The records that follow should be copied in full, exactly as they read.

--- RECORDS TO PROCESS Enclosed Below ---

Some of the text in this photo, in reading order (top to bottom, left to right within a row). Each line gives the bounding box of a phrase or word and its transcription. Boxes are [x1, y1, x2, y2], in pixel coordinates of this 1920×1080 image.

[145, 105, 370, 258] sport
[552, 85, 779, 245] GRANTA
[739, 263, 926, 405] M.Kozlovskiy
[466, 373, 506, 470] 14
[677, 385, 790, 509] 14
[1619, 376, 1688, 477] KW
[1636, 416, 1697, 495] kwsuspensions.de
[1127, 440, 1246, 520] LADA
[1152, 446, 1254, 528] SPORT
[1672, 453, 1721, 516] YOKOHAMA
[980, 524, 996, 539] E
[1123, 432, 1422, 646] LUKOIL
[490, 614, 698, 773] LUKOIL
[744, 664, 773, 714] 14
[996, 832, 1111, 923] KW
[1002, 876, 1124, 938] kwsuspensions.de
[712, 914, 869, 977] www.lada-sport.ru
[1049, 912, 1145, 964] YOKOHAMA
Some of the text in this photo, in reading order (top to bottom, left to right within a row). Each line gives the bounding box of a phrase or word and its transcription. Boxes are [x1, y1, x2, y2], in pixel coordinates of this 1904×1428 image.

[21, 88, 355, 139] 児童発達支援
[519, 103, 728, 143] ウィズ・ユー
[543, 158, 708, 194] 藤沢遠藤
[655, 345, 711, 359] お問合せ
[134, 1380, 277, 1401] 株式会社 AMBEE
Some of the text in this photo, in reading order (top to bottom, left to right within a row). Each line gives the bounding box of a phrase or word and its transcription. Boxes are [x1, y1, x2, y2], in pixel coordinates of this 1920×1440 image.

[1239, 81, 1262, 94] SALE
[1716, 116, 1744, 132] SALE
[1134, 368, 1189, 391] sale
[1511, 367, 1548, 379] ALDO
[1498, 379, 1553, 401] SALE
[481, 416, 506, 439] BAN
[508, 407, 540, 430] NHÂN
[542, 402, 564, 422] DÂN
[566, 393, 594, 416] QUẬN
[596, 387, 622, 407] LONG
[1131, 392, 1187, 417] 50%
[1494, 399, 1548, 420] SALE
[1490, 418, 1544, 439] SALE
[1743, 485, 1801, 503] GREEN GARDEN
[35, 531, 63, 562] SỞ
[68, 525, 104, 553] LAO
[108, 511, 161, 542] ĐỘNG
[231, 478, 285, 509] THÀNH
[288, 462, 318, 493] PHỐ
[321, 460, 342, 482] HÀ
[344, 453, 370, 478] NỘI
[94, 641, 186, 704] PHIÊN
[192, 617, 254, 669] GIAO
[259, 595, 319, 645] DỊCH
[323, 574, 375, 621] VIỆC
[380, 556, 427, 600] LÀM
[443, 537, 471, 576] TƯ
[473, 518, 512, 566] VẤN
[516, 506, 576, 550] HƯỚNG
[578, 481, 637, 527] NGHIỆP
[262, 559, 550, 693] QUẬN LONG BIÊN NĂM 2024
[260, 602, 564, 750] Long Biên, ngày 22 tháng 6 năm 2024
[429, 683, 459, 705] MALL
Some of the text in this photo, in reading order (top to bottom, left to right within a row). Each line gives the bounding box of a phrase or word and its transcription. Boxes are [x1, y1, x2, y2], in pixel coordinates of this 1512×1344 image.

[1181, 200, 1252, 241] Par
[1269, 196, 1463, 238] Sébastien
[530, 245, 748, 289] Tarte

--- End of Enclosed RECORDS TO PROCESS ---

§ **ANSWER BOX**
Some of the text in this photo, in reading order (top to bottom, left to right within a row). Each line gives the bounding box of a phrase or word and its transcription. Boxes are [x1, y1, x2, y2], in pixel coordinates of this 1920×1080 image.

[145, 105, 370, 258] sport
[552, 85, 779, 245] GRANTA
[739, 263, 926, 405] M.Kozlovskiy
[466, 373, 506, 470] 14
[677, 385, 790, 509] 14
[1619, 376, 1688, 477] KW
[1636, 416, 1697, 495] kwsuspensions.de
[1127, 440, 1246, 520] LADA
[1152, 446, 1254, 528] SPORT
[1672, 453, 1721, 516] YOKOHAMA
[980, 524, 996, 539] E
[1123, 432, 1422, 646] LUKOIL
[490, 614, 698, 773] LUKOIL
[744, 664, 773, 714] 14
[996, 832, 1111, 923] KW
[1002, 876, 1124, 938] kwsuspensions.de
[712, 914, 869, 977] www.lada-sport.ru
[1049, 912, 1145, 964] YOKOHAMA
Some of the text in this photo, in reading order (top to bottom, left to right within a row). Each line gives the bounding box of a phrase or word and its transcription. Boxes are [x1, y1, x2, y2], in pixel coordinates of this 1904×1428 image.

[21, 88, 355, 139] 児童発達支援
[519, 103, 728, 143] ウィズ・ユー
[543, 158, 708, 194] 藤沢遠藤
[655, 345, 711, 359] お問合せ
[134, 1380, 277, 1401] 株式会社 AMBEE
Some of the text in this photo, in reading order (top to bottom, left to right within a row). Each line gives the bounding box of a phrase or word and its transcription. Boxes are [x1, y1, x2, y2], in pixel coordinates of this 1920×1440 image.

[1239, 81, 1262, 94] SALE
[1716, 116, 1744, 132] SALE
[1134, 368, 1189, 391] sale
[1511, 367, 1548, 379] ALDO
[1498, 379, 1553, 401] SALE
[481, 416, 506, 439] BAN
[508, 407, 540, 430] NHÂN
[542, 402, 564, 422] DÂN
[566, 393, 594, 416] QUẬN
[596, 387, 622, 407] LONG
[1131, 392, 1187, 417] 50%
[1494, 399, 1548, 420] SALE
[1490, 418, 1544, 439] SALE
[1743, 485, 1801, 503] GREEN GARDEN
[35, 531, 63, 562] SỞ
[68, 525, 104, 553] LAO
[108, 511, 161, 542] ĐỘNG
[231, 478, 285, 509] THÀNH
[288, 462, 318, 493] PHỐ
[321, 460, 342, 482] HÀ
[344, 453, 370, 478] NỘI
[94, 641, 186, 704] PHIÊN
[192, 617, 254, 669] GIAO
[259, 595, 319, 645] DỊCH
[323, 574, 375, 621] VIỆC
[380, 556, 427, 600] LÀM
[443, 537, 471, 576] TƯ
[473, 518, 512, 566] VẤN
[516, 506, 576, 550] HƯỚNG
[578, 481, 637, 527] NGHIỆP
[262, 559, 550, 693] QUẬN LONG BIÊN NĂM 2024
[260, 602, 564, 750] Long Biên, ngày 22 tháng 6 năm 2024
[429, 683, 459, 705] MALL
Some of the text in this photo, in reading order (top to bottom, left to right within a row). Each line gives the bounding box of a phrase or word and its transcription. Boxes are [x1, y1, x2, y2], in pixel coordinates of this 1512×1344 image.

[1181, 200, 1252, 241] Par
[1269, 196, 1463, 238] Sébastien
[530, 245, 748, 289] Tarte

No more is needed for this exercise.